Demonstrating strategic agility and resilience in a dynamic global economic landscape, Equity Group has achieved strong results and growth of its diversified business across the region, becoming a regional systemic financial services provider in position two in three of the six markets it operates in; Kenya, DRC, and Rwanda.

This strategic focus has enabled the Group to deliver strong and sustainable growth, marked by a 7pc year-on-year surge in customer deposits to UGX 37.2 trillion from UGX 34.9 trillion, fueling a strategic expansion of net loans by 3pc year-on-year to UGX 22.7 trillion from UGX 21.9 trillion. With total assets growing by 4pc year-on-year to UGX 49.2 trillion from UGX 47.6 trillion, Equity Group demonstrated continued stability and capacity to drive economic transformation.

This underlying strength  enabled the Group to deliver strong profitability, achieving a Return on Equity (ROAE) of 23.9pc and a Return on Assets (ROA) of 3.5pc, and reporting a Profit After Tax (PAT) of UGX 433.2 billion, a result attributed to its diversified business model and prudent financial stewardship. Excluding South Sudan non-operational inflation accounting, profit before tax reflected an 8pc growth from UGX 486.9 billion to UGX 528.8 billion.

Equity Group has adopted a tri-engine approach, integrating commercial, social, and sustainability priorities to foster sustainable economic growth and create meaningful societal impact. The Group continues to build on its legacy of resilience, strong governance, long track record of execution, self-disruption, agility, and scalability of its business model to thrive in the different markets it operates in. It has continued to grow the value it creates for its customers and stakeholders.

The Kenya subsidiary has shown recovery registering 7pc growth in deposits to UGX 22.3 trillion, total revenue up 19pc, non-funded income increased by 23pc to UGX 213 billion which resulted in a 50pc increase in profit before tax. Kenya’s return on asset and equity improved to 3.4pc and 26.0pc respectively. The Kenyan banking subsidiary, while still a major contributor, accounted for 51pc of total revenue. The Group’s regional subsidiaries continue to be strong contributors to its growth trajectory. Equity bank Tanzania recovery momentum continues to manifest itself with deposits increasing by 14pc and loans by 9pc year on year. Profit before tax increased by 540pc, positively impacting returns with return on assets and return on equity at 3.2pc and 22.6pc respectively.
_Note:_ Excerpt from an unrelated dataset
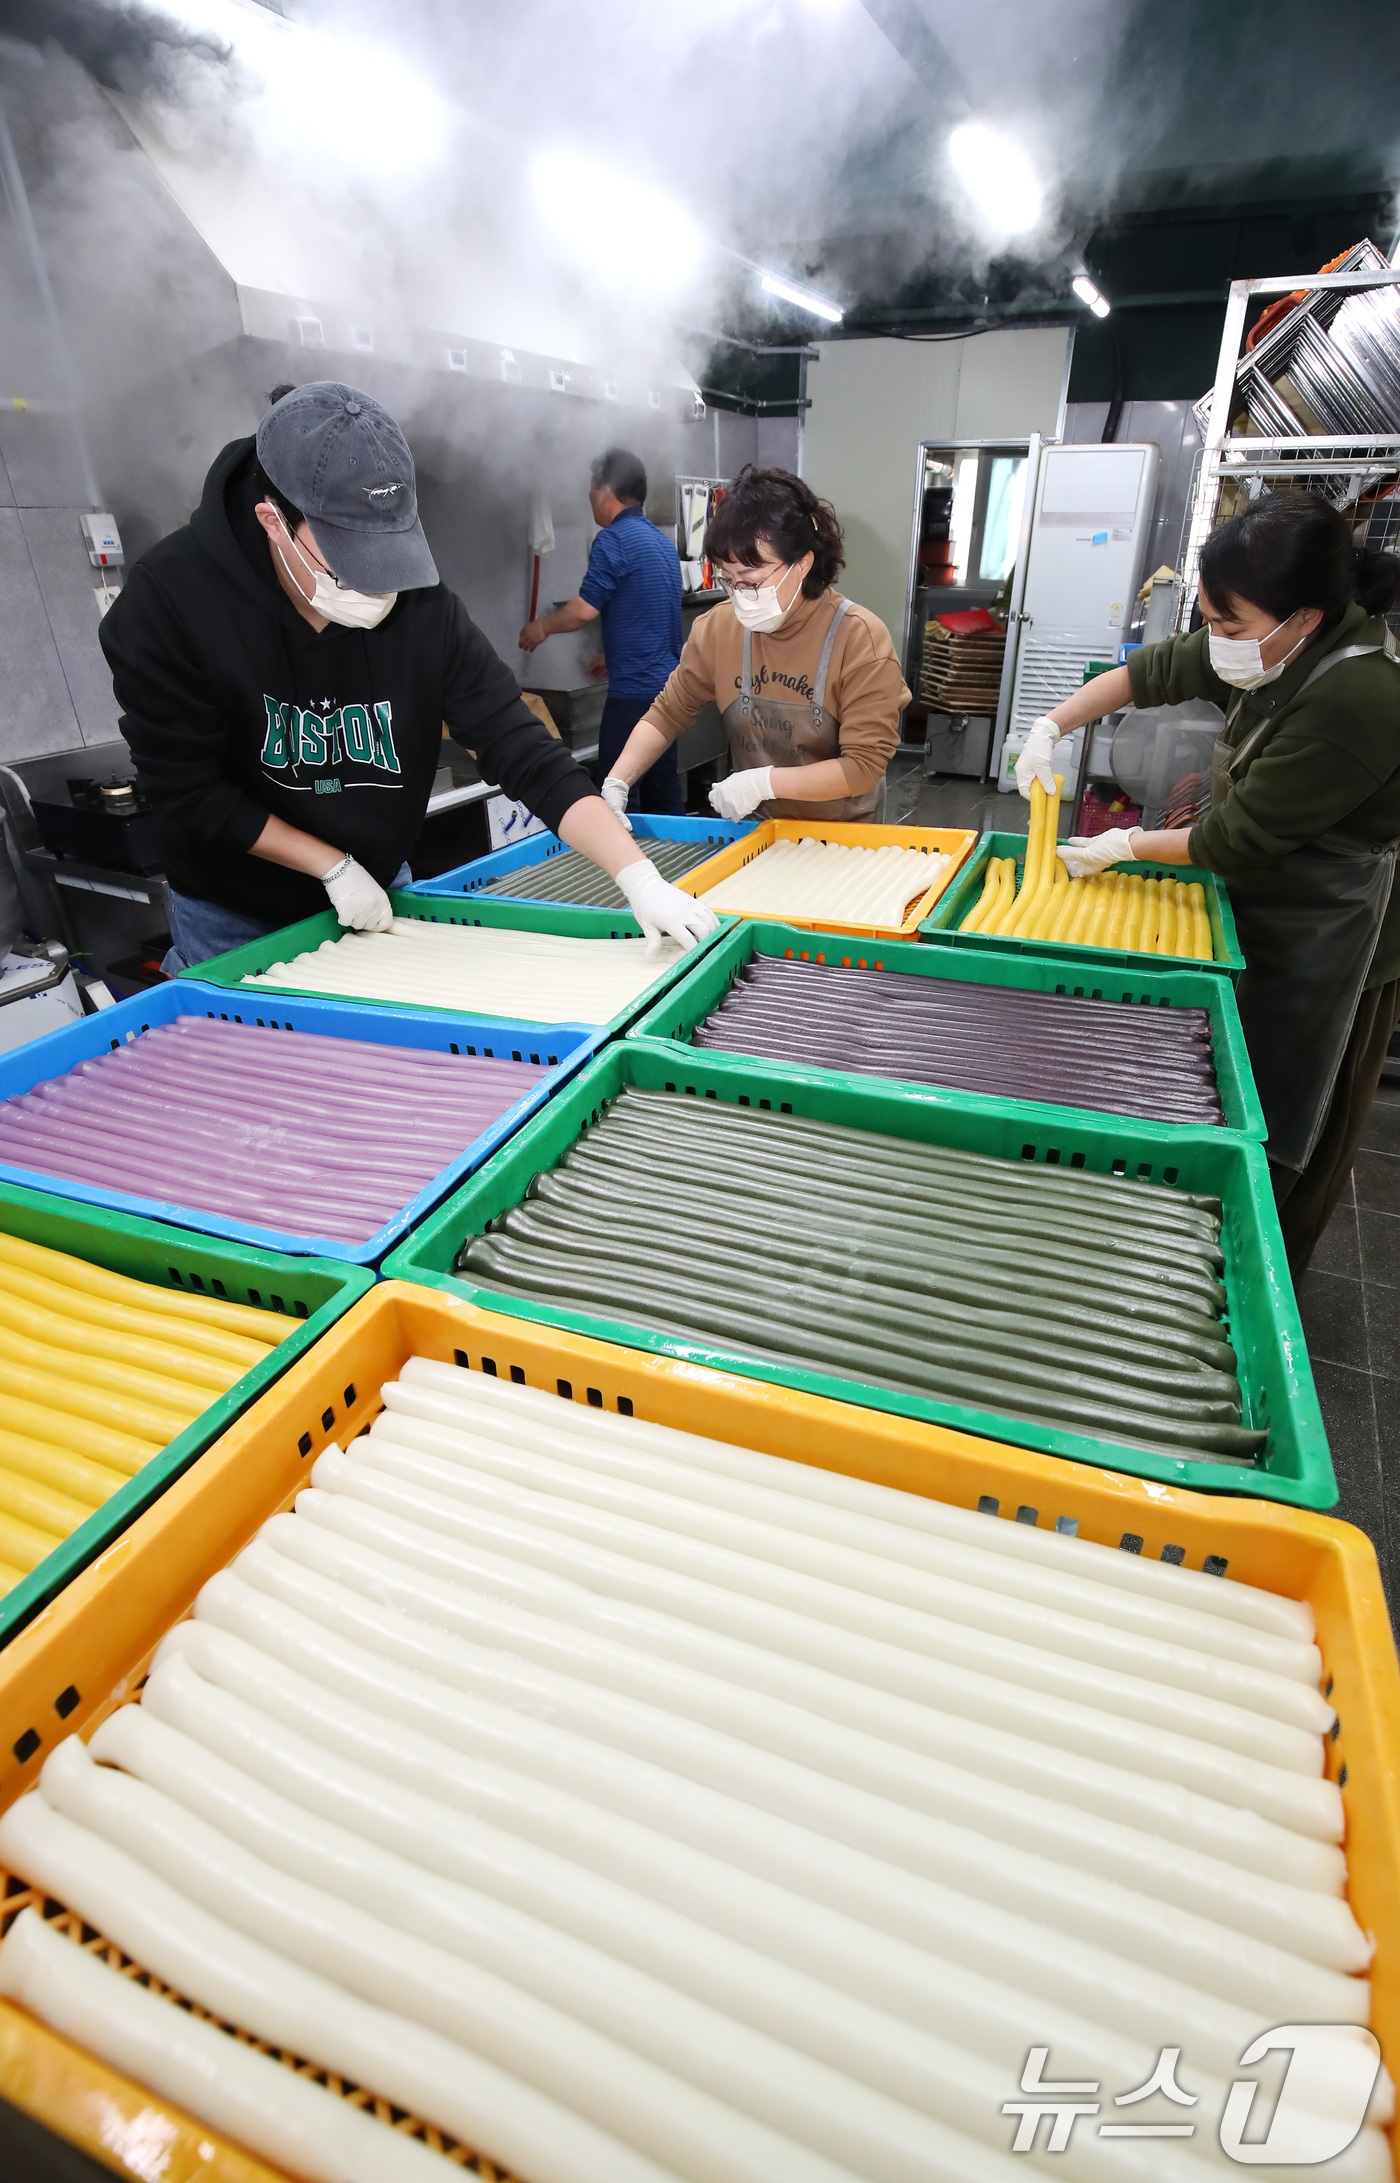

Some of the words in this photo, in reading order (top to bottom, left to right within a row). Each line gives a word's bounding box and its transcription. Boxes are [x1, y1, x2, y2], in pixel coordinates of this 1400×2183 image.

[772, 671, 814, 700] make
[261, 693, 401, 774] BOSTON
[314, 778, 342, 794] USA
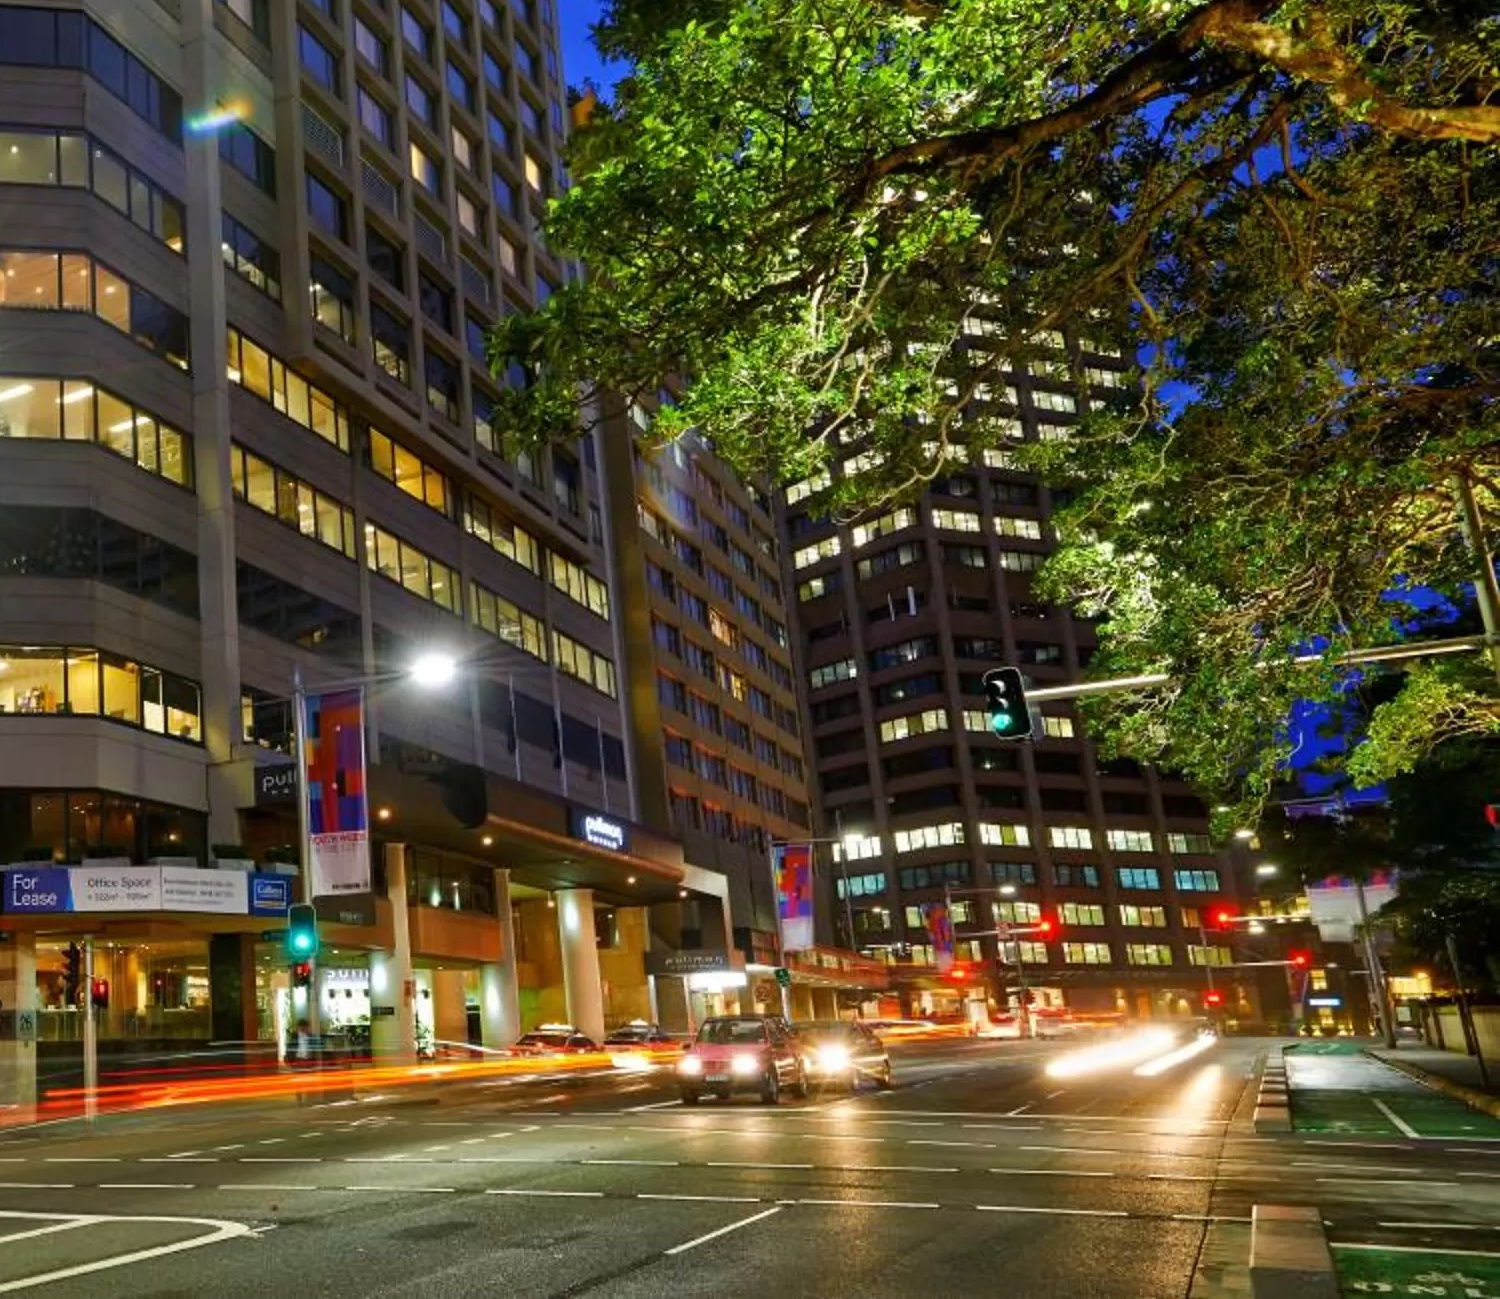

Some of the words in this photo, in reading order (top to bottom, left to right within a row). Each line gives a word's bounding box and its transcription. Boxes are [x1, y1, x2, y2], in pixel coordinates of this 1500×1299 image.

EquityBCDC played a pivotal role in anchoring the Group’s Africa Recovery and Resilience Plan (ARRP), with a strong performance in DRC that saw 9pc YoY growth in customer loans to UGX 7.1 trillion and 8pc in deposits to UGX 13.2 trillion. The subsidiary is instrumental in financing priority sectors such as agriculture, manufacturing, and MSMEs. Regional subsidiaries accounted for 47pc of total assets, 48pc of net loans, and 45pc of profit before tax, with key markets including DRC, Tanzania and Rwanda, showing growth in deposits and loans. This regional performance reinforces Equity’s strategic positioning as a cross-border financial powerhouse and underpins its growing footprint across East and Central Africa.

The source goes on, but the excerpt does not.